MIPS: Payment — Not Penalty. How to Raise CPS with EHR

The prospect of “performance scores” has raised questions among psychiatry physicians. Every independent behavioral health practitioner has concerns about the Merit-based Incentive Payment System, aka, MIPS, and how it will affect Medicare reimbursements.

Your Composite Performance Score (CPS) will determine whether you get financial rewards – or penalties.

You can earn significant financial rewards for providing excellent patient care under this MIPS plan. You can also be penalized.

Composite Performance Score (CPS)

MIPS provides small inflationary adjustments, but the incentives and penalties tied with the CPS adjustments are more substantial.

Every psychiatry physician’s performance is ranked according to specific measures. Every CPS point translates directly into higher or lower reimbursement.

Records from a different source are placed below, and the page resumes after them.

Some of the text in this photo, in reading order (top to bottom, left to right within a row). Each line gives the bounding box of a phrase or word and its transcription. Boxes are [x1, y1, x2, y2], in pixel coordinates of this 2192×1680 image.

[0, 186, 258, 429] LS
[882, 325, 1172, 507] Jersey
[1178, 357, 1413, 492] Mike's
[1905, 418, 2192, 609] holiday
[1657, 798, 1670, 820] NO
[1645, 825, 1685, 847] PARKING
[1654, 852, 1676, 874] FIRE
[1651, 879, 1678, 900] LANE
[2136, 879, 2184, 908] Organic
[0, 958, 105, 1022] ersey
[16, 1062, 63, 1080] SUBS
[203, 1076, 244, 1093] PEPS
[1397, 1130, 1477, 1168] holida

These CPS scores allow Medicare clinicians to be paid for providing high-quality, efficient care through success in four performance categories:

  • Quality – 50% of your CPS score
  • Advancing Care Information/Meaningful Use – 25%
  • Clinical practice improvement activities– 15%
  • Cost/Resource use – 10%

The CPS earned by a clinician for a given performance year then determines MIPS payment adjustments in the next calendar year.

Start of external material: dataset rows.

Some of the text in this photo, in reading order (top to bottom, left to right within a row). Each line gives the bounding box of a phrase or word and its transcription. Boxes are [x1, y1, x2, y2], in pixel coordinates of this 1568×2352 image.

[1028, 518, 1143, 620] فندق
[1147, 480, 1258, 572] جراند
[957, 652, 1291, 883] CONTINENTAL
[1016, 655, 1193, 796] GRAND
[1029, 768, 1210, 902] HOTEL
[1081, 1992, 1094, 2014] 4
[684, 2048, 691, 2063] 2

The Good, The Bad, and The Potential

If a clinician earns a CPS of 100 points, the reward is +4%. An additional “exceptional performance bonus” escalates up to +10%. An excellent CPS number will yield 4% + 10% = +14%. A physician with excellent CPS numbers could accrue incentives reaching 37% of Medicare Part B payments by the fourth year of the program.

However, if a clinician has a CPS of zero, the penalty assessed is -4%, the maximum penalty. Maximum penalties can grow to -9%.

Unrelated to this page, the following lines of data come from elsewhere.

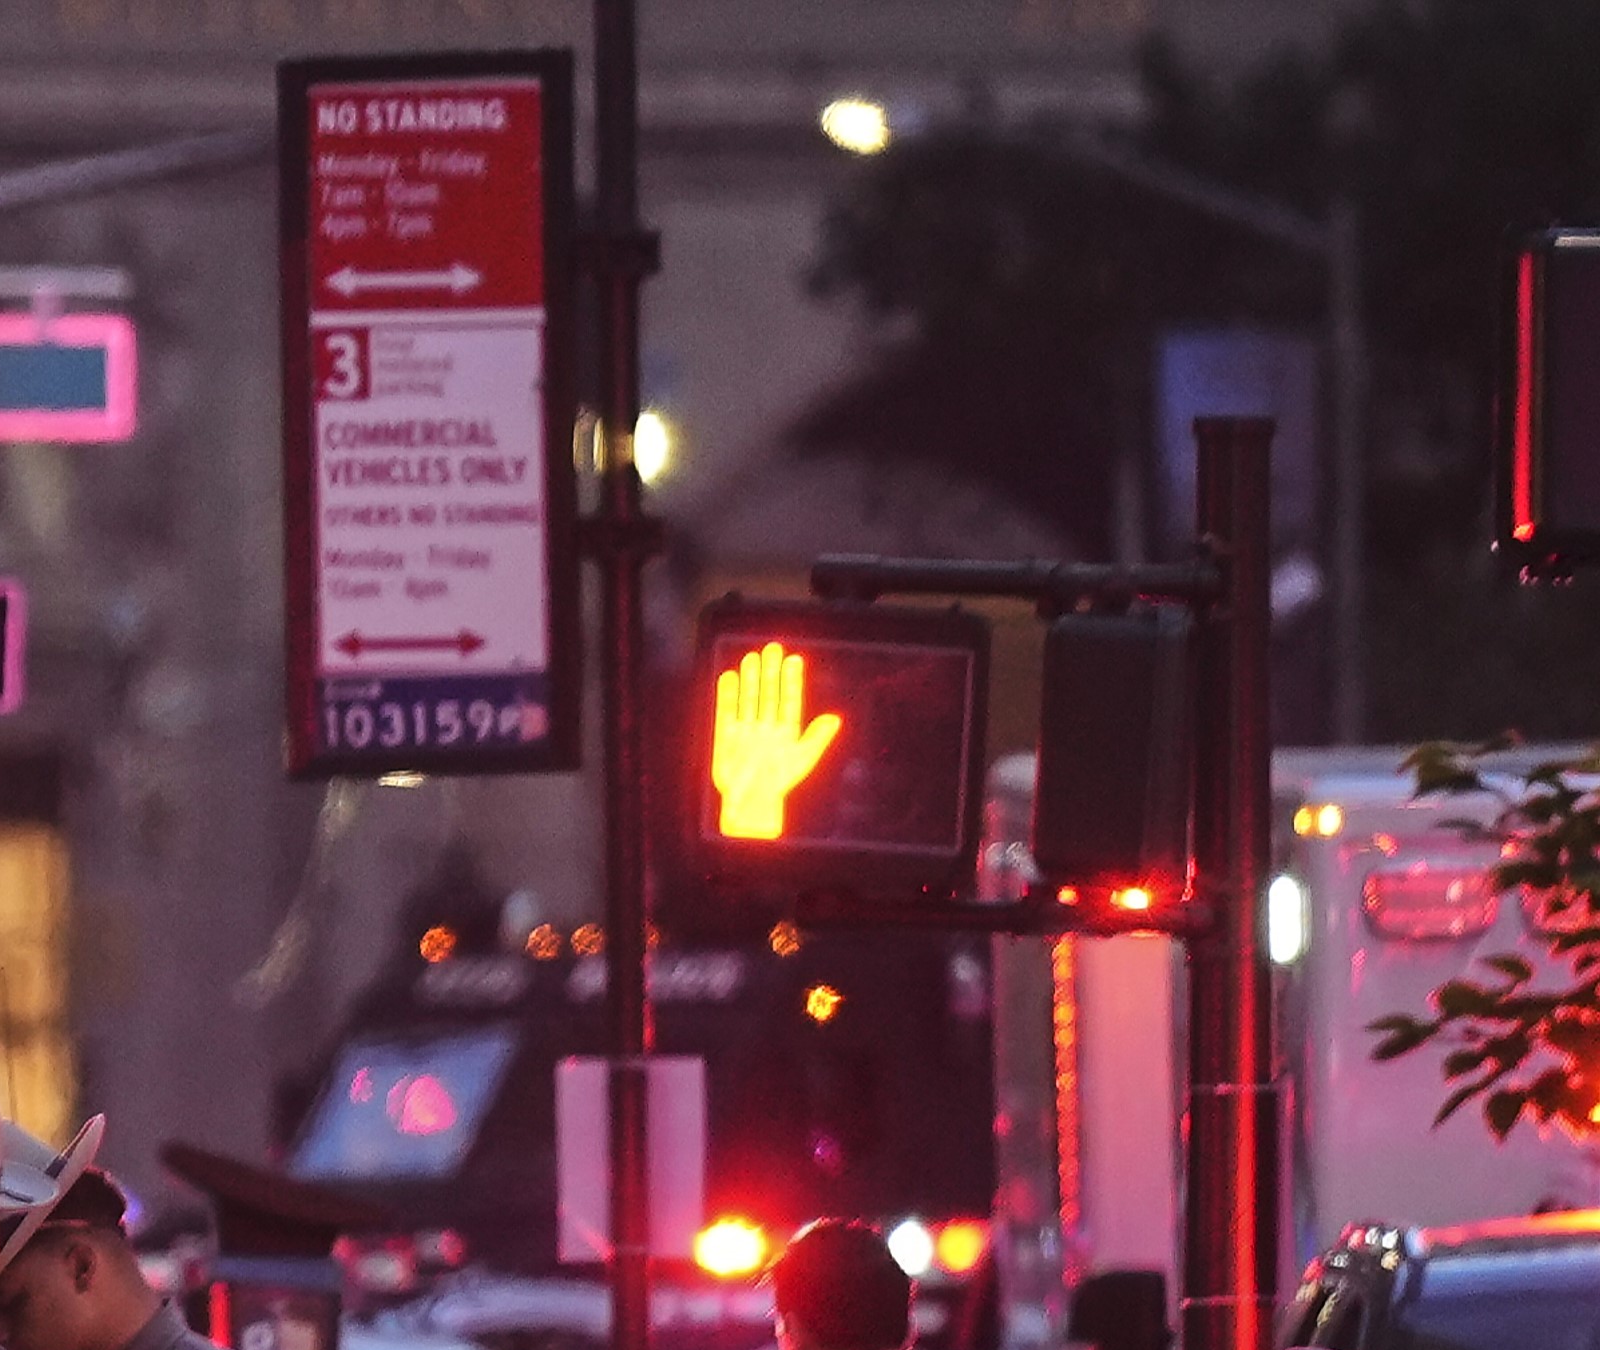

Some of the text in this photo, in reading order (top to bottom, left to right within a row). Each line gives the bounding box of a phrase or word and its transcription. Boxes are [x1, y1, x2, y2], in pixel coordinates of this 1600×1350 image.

[316, 98, 509, 133] NO STANDING
[324, 333, 361, 398] 3
[325, 419, 497, 449] COMMERCIAL
[326, 456, 528, 488] VEHICLES ONLY
[325, 700, 495, 748] 103159

How will CPS scoring affect you?

It’s expected that very few eligible clinicians will get a zero payment adjustment. Each psychiatry physician’s CPS number will now be made public, so this new level of transparency will likely push clinicians to achieve high CPS numbers right out of the gate.

The first results of these CPS adjustments will start in 2019. At that point, psychiatrists will start seeing all Medicare payments with a MIPS adjustment (based on 2017 CPS scores).

Exempt psychiatrists

Certain psychiatrists are not included in the MIPS reward program – those who have just enrolled in Medicare that year, had a “low volume” of Medicare patients or claims, or qualified for the MACRA/APM bonus. Psychiatrists can also form “virtual” groups with other physicians for the purposes of reporting.

Start preparing now

The best way for independent psychiatrists to prepare for MIPS is to start participating in the Physician Quality Reporting System (PQRS) and Meaningful Use program this year or be prepared to do so in 2017, the first MIPS reporting period.

APA will help streamline MIPS reporting

The American Psychiatric Association (APA) has begun preliminary steps toward creating a registry to streamline MIPS reporting and significantly decrease the administrative burden for individual practitioners.

The APA website has detailed instructions to help psychiatrists participate in PQRS and Meaningful Use. The APA will be adding MIPS resources as the process is further fleshed out.

Also, the APA is one of just 39 organizations chosen to participate in the CMS Transforming Clinical Practice Initiative, which will help connect psychiatrists with Practice Transformation Networks in their region. The networks will provide practices with on-the-ground support as they prepare for these changes.

Watch for MIPS updates

At this printing, MIPS is scheduled to take effect January 1, 2017. The department of Health and Human Services has until November 1, 2016 to publish the quality measures. However, what you’ve just read is the most recent and accurate information we’ve gathered to date.